Matanya melotot semakin parah.
"Tidak mungkin!"
.
.
.
Naruto dengan napas memburu melangkah cepat mendekati tempat duduk Sasuke. Lantas dengan wajah kesal dia mendengus, kemudian menatap pemuda itu tajam.
"Naruto? Sedang apa kau disini?"
Naruto mengulum senyum menawan pada gadis yang duduk di samping Sasuke, menghiraukan nada suara sang gadis yang seperti tak menyukai kedatangannya. "Tidak ada Ino-chan. Aku hanya punya sedikit urusan dengan laki-laki ini" jawabnya.
"Urusan? Kau kenal Uchiha-kun?" tanya Ino kemudian, matanya menatap bergantian Naruto dan Sasuke.
Naruto gelagapan. Dia mengggaruk belakang kepalanya yang tidak gatal. "Umm, itu…"
"Ada urusan apa kau denganku?"
Naruto menoleh keasal suara. Seketika matanya menyipit, menatap tak suka. "Kau!" tunjuknya kearah Sasuke. "Ikut aku!" perintahnya kemudian seraya menuntun pemuda itu untuk mengikutinya.
Sasuke hanya mengangkat bahu tak acuh. Berdiri dari duduknya dan mulai mengikuti si blonde. Tapi siapa sangka, dalam batinnya dia menyeringai lebar akan hal ini. Ah, ternyata tak butuh usaha lebih untuk mendekati Naruto.
Tak lama, mereka sampai di taman sepi yang tak jauh dari kantin. Naruto yang masih dilanda kesal langsung berbalik dan memberikan deathglear percuma pada Sasuke. Dia melipat tangannya di depan dada, memberikan gesture angkuh.
"Kau sebaiknya jauh-jauh dari Ino-chan. Dia adalah wanita incaranku!" tanpa basa-basi gadis itu langsung memulai percakapan. "Tapi akan jauh lebih baik jika kau menjauhi semua wanita di Kampus ini. Melihat mereka dekat denganmu membuat mataku iritasi" umbarnya jujur, nada suaranya terdengar mengintimidasi.
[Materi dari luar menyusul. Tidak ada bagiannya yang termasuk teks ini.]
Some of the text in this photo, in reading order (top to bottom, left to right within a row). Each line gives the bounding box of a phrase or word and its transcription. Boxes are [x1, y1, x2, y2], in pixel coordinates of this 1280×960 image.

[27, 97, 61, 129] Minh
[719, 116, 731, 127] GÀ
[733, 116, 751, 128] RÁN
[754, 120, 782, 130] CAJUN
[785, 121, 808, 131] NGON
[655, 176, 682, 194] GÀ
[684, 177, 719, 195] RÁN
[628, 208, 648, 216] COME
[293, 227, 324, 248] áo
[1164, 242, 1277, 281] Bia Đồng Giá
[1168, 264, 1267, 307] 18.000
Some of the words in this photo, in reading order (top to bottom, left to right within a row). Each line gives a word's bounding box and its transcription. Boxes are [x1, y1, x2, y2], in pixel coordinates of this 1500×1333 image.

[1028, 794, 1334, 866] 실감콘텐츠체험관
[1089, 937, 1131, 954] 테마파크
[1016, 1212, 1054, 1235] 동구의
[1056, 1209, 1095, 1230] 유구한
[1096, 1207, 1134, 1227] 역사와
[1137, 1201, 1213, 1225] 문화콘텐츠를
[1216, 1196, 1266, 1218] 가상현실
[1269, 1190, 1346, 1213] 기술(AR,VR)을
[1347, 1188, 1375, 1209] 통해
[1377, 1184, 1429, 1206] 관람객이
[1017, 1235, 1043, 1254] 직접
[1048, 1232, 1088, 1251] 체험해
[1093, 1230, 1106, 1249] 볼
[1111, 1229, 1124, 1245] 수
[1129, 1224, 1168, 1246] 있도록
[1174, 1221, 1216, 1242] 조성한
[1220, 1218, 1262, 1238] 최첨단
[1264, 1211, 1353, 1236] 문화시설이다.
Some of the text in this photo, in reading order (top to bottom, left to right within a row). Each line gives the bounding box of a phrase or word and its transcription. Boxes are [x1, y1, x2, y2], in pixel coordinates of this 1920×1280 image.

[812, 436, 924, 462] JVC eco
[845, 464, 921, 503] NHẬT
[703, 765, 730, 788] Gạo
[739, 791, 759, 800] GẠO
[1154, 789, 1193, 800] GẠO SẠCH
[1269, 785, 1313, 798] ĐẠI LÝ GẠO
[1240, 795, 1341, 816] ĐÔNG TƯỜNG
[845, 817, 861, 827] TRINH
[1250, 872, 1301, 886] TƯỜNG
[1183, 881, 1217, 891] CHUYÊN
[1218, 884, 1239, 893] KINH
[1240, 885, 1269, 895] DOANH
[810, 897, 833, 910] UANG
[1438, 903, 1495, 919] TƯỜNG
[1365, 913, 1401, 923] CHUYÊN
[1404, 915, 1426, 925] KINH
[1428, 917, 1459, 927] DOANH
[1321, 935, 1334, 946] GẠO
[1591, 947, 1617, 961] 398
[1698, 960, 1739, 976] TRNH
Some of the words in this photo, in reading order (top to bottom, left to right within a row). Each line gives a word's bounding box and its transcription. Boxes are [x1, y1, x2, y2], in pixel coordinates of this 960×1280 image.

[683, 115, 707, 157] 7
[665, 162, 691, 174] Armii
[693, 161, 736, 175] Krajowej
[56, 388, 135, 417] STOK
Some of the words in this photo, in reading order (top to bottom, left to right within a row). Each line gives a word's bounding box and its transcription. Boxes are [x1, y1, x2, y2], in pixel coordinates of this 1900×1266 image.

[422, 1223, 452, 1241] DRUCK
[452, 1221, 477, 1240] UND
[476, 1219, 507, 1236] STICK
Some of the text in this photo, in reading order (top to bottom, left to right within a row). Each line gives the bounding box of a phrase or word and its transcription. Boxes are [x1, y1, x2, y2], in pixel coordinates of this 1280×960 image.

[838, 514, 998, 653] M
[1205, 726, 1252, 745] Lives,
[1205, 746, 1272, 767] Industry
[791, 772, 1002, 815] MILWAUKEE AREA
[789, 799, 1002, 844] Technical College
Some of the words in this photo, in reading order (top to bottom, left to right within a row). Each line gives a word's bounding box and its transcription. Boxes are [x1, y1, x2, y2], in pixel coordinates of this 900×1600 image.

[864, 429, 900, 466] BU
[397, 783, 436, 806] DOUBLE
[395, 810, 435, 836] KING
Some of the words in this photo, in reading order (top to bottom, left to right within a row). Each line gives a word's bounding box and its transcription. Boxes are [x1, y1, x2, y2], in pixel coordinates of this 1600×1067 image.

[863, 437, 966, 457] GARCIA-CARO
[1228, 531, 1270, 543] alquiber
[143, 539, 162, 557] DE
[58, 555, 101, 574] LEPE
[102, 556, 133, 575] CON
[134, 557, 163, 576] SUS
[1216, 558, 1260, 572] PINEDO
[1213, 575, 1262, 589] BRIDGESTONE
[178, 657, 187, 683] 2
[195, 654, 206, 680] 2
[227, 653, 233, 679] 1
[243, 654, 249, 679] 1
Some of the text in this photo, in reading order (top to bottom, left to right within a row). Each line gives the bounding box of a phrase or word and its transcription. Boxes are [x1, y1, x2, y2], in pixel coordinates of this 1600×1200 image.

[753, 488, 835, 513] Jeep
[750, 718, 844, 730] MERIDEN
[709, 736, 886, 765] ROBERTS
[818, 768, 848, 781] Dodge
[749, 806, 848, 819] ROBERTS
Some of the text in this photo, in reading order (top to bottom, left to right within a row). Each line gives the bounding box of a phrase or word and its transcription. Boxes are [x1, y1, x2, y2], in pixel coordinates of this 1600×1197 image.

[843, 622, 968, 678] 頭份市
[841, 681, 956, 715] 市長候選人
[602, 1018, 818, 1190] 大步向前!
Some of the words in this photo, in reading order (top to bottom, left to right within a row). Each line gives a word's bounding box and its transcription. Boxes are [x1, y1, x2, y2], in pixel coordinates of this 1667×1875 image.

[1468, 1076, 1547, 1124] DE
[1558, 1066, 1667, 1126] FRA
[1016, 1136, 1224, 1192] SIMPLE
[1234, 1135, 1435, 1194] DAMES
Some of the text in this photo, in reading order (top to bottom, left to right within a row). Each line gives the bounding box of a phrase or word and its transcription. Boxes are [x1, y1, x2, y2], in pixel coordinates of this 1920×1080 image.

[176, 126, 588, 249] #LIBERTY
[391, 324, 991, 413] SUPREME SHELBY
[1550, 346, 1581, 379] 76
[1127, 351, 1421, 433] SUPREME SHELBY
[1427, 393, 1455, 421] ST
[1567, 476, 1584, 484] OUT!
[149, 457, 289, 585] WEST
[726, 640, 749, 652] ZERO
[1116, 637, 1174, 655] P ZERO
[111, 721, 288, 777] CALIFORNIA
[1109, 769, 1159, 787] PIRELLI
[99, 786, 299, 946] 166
Sasuke diam. Dia hanya mendengar seraya memperhatikan si blonde di depannya kini. Hm, suaranya terlalu cempreng untuk ukuran seorang laki-laki. Itu pikirannya dalam hati.
Pikiran Sasuke benar-benar melenceng jauh dari percakapan.
"Hei, kau dengar tidak?!" Naruto geram sendiri. Laki-laki dihadapannya terlihat sangat menyebalkan dengan tampang datar itu. Membuat kuku jarinya memanas. "Sebaiknya kau lakukan apa yang aku katakan. Jauhi Ino Yamanaka!" tandasnya mutlak, sebelum kemudian dia memutar balik tubuhnya, berniat melangkah pergi dari sana.
Namun segera terhenti saat Sasuke dengan gerakan cepat menahan pergelangan tangannya.
"Aku tidak terbiasa melakukan sesuatu yang tidak menguntungkan diriku sendiri" akhirnya Sasuke buka suara, matanya terlihat menyorot tatapan serius. "Jika aku melakukan apa yang kau inginkan. Apa yang akan aku dapatkan?" tanyanya kemudian, masih mempertahankan tampang datarnya.
Naruto berbalik. Dia menepis kasar genggaman Sasuke. "Apa maumu?" matanya menyipit, menatap Sasuke tajam.
Sasuke menyeringai kecil. Tak lama, dia mulai terkekeh pelan tanpa sebab. "Menurutmu kau bisa memberikan apa yang aku inginkan?" ada nada jenaka yang terselip dalam kalimat itu, dan entah kenapa bulu kuduk Naruto meremang karenanya.
Dan dengan perlahan, Sasuke mendekat. Dia menghimpit Naruto diantara pohon dan dirinya. Tangannya terletak dikedua sisi kepala Naruto, memenjarakan gadis itu dalam kurungannya.
Sasuke mencondongkan kepala kedepan, membuat kedua wajah yang memiliki warna kulit berbeda itu berdekatan. Dekat, bahkan sangat dekat, sampai-sampai Naruto bisa merasakan napas hangat Sasuke menerpa kulit wajahnya yang saat ini memucat.
"A-apa yang kau lakukan? Menjauh dariku!" Naruto panik. Dia mencoba mendorong Sasuke dari hadapannya. Tapi sia-sia, tenaga pemuda itu lebih besar darinya.
Sasuke menangkap tangan Naruto. Menggenggam pergelangan tangan itu kuat, lalu meletakkannya di atas kepala sang gadis. "Bukankah aku bisa mendapatkan apa yang aku inginkan jika aku setuju untuk menjauhi gadis incaranmu itu?" tanya Sasuke kemudian, matanya menatap tajam manik safir Naruto.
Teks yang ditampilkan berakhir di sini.